## Exercise data
════════════════════

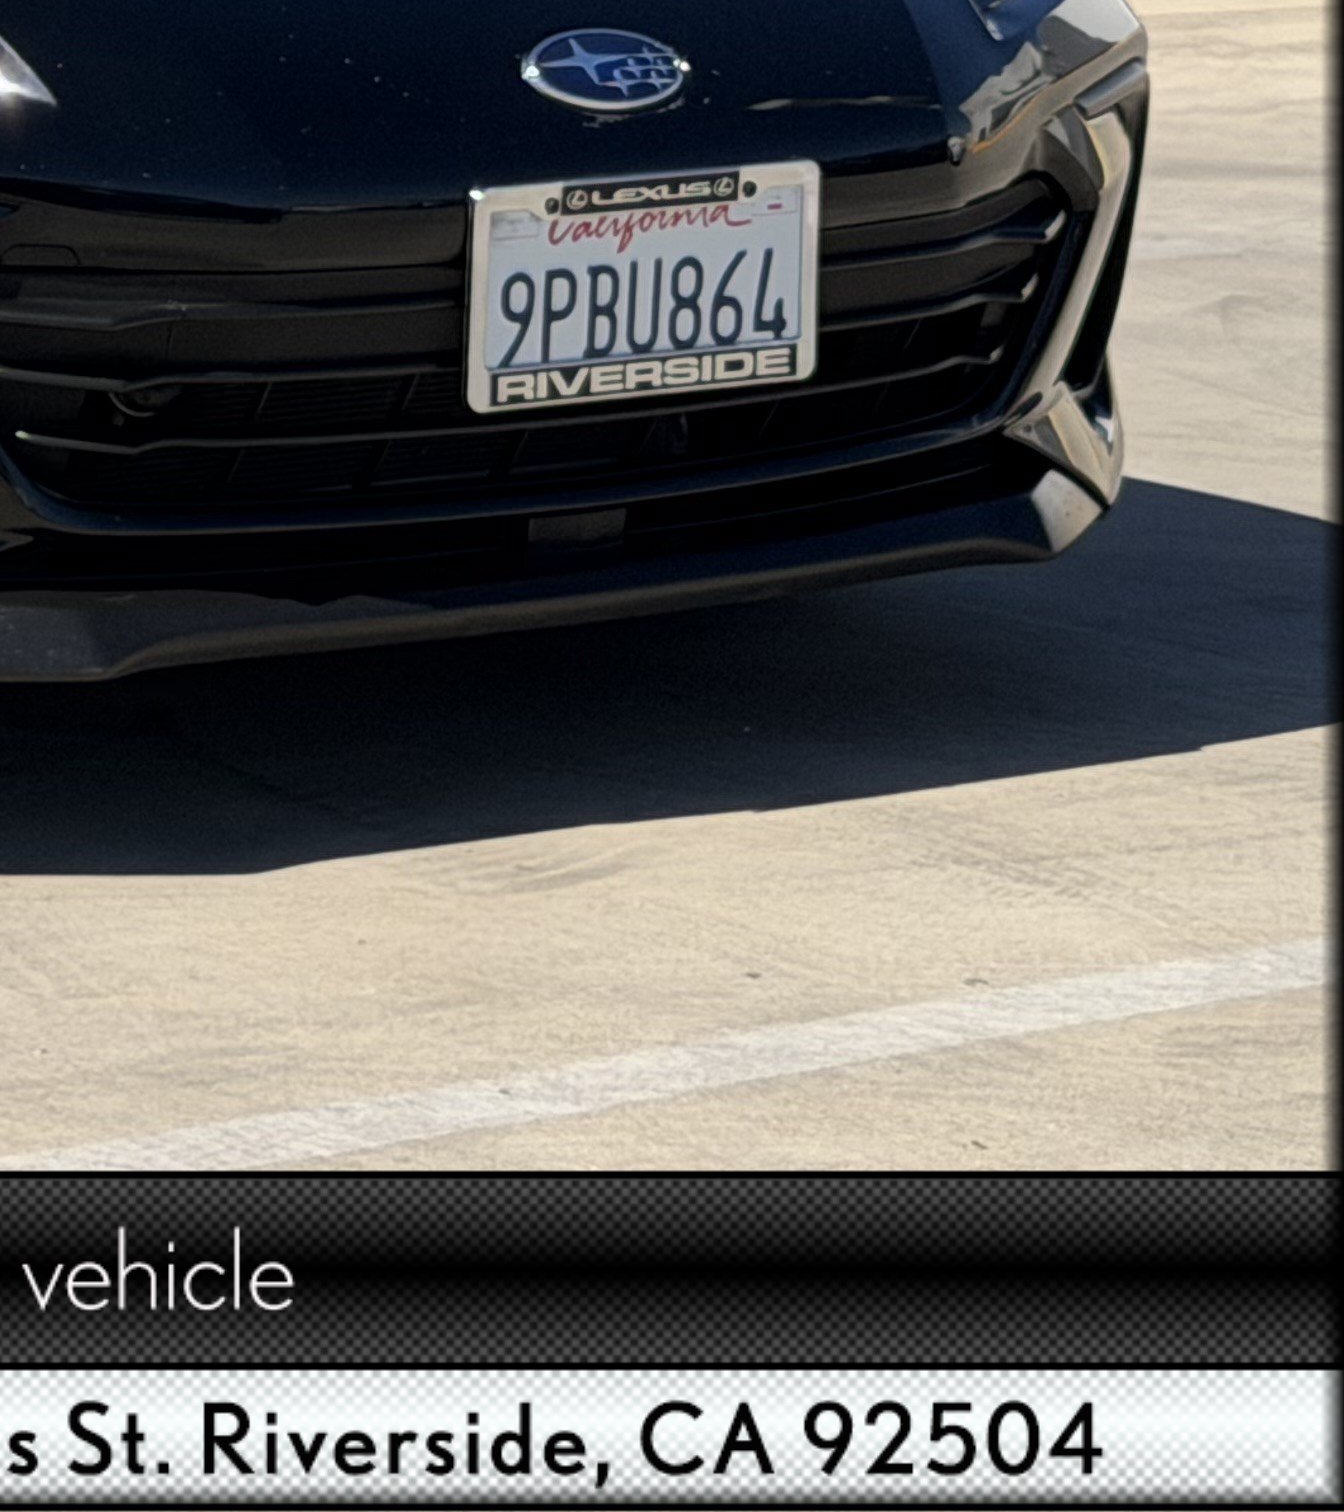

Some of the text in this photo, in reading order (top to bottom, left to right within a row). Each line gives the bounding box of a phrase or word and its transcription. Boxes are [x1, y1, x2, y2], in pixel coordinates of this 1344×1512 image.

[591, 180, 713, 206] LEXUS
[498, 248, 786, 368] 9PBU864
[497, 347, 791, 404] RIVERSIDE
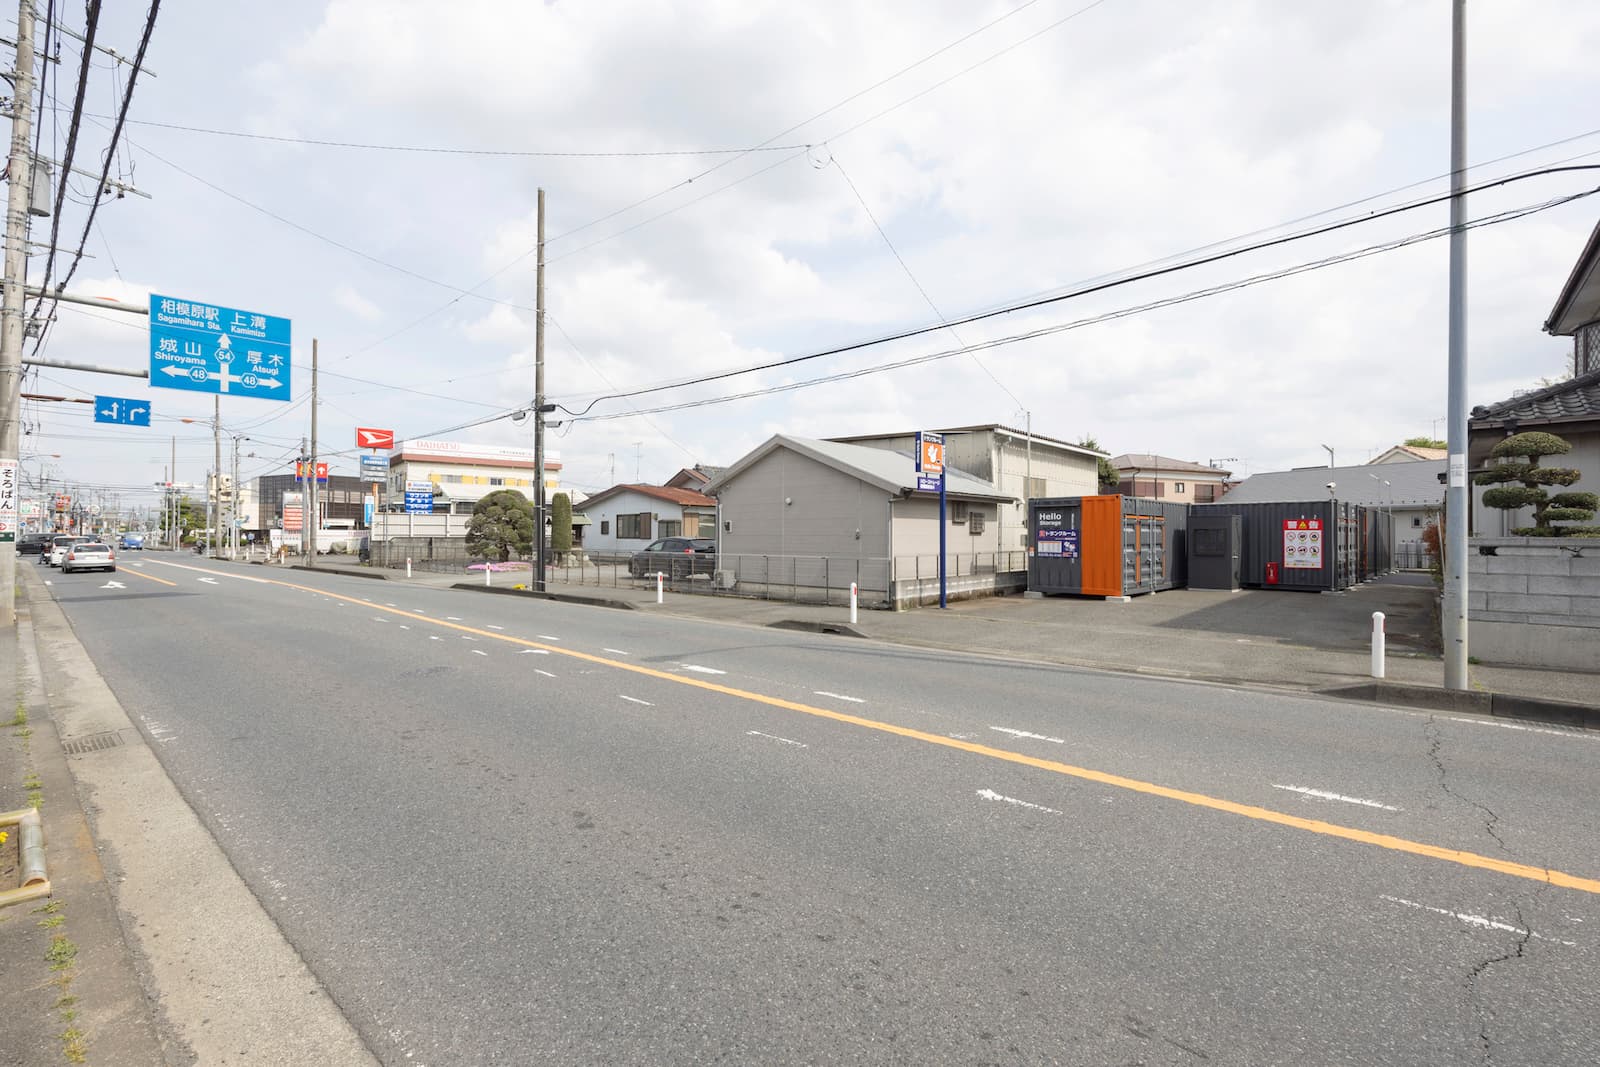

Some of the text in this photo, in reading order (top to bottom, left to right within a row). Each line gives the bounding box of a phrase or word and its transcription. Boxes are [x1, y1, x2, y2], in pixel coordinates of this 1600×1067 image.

════════════════════

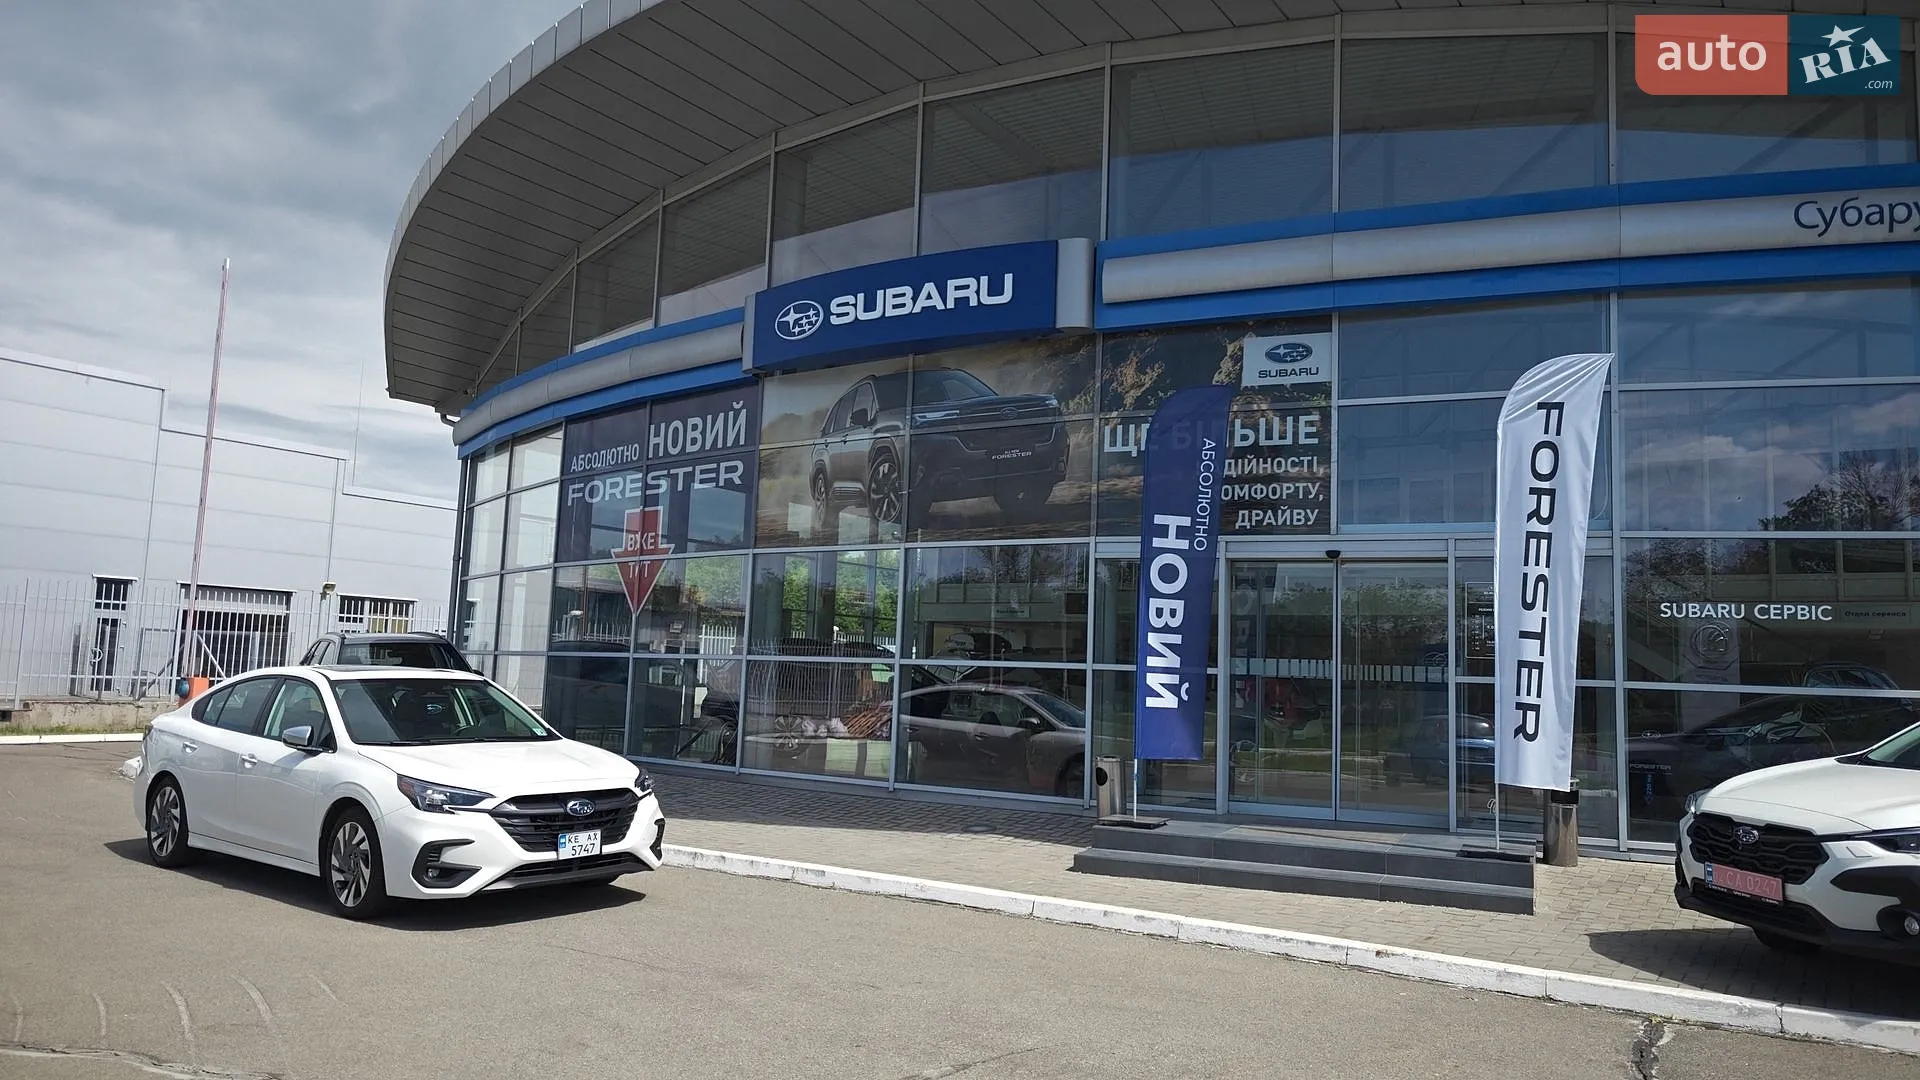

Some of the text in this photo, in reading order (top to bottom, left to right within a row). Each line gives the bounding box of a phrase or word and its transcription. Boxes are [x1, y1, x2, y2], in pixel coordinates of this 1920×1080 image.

════════════════════

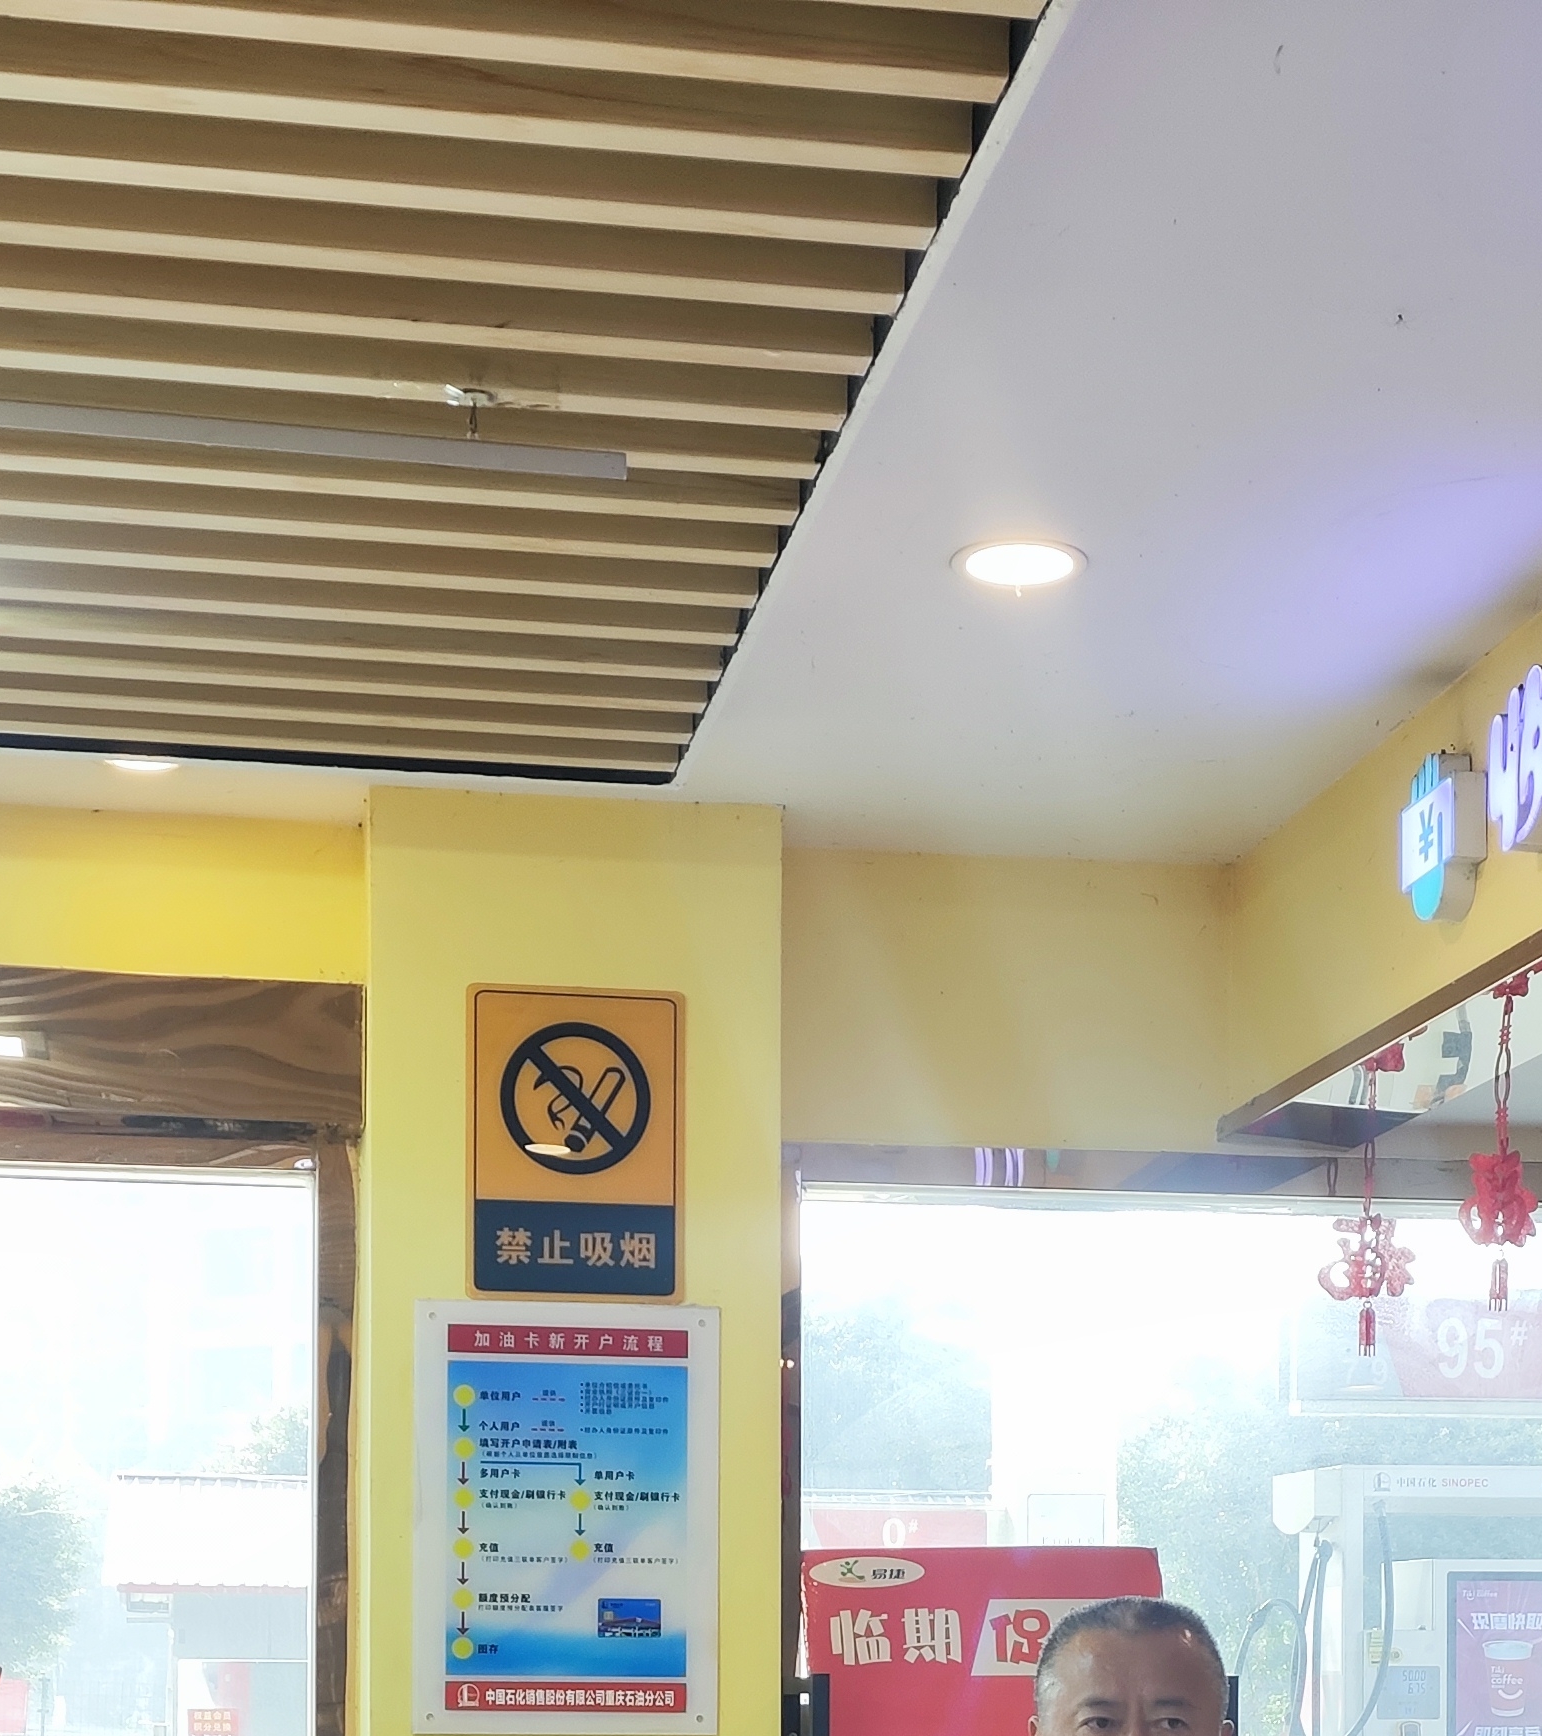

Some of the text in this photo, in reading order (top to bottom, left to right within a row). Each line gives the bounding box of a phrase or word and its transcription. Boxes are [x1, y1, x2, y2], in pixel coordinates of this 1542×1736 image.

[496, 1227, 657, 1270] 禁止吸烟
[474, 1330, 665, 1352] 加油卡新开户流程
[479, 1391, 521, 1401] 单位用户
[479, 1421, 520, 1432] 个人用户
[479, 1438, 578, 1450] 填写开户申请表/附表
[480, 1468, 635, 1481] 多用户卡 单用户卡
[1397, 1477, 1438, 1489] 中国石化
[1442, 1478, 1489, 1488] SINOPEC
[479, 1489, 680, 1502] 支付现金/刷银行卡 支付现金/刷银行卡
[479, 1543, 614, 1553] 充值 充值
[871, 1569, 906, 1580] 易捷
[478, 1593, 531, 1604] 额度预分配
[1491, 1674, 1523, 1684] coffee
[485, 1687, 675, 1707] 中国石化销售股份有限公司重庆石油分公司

════════════════════

## Problem to work on
Repeat exactly the lines above, from the line that contains "this 1344×1512 image." down through the line that contains "this 1600×1067 image.". Include both of those lines and none of the pictures.

## Solution below
Some of the text in this photo, in reading order (top to bottom, left to right within a row). Each line gives the bounding box of a phrase or word and its transcription. Boxes are [x1, y1, x2, y2], in pixel coordinates of this 1344×1512 image.

[591, 180, 713, 206] LEXUS
[498, 248, 786, 368] 9PBU864
[497, 347, 791, 404] RIVERSIDE

Some of the text in this photo, in reading order (top to bottom, left to right within a row). Each line gives the bounding box of a phrase or word and its transcription. Boxes are [x1, y1, x2, y2], in pixel coordinates of this 1600×1067 image.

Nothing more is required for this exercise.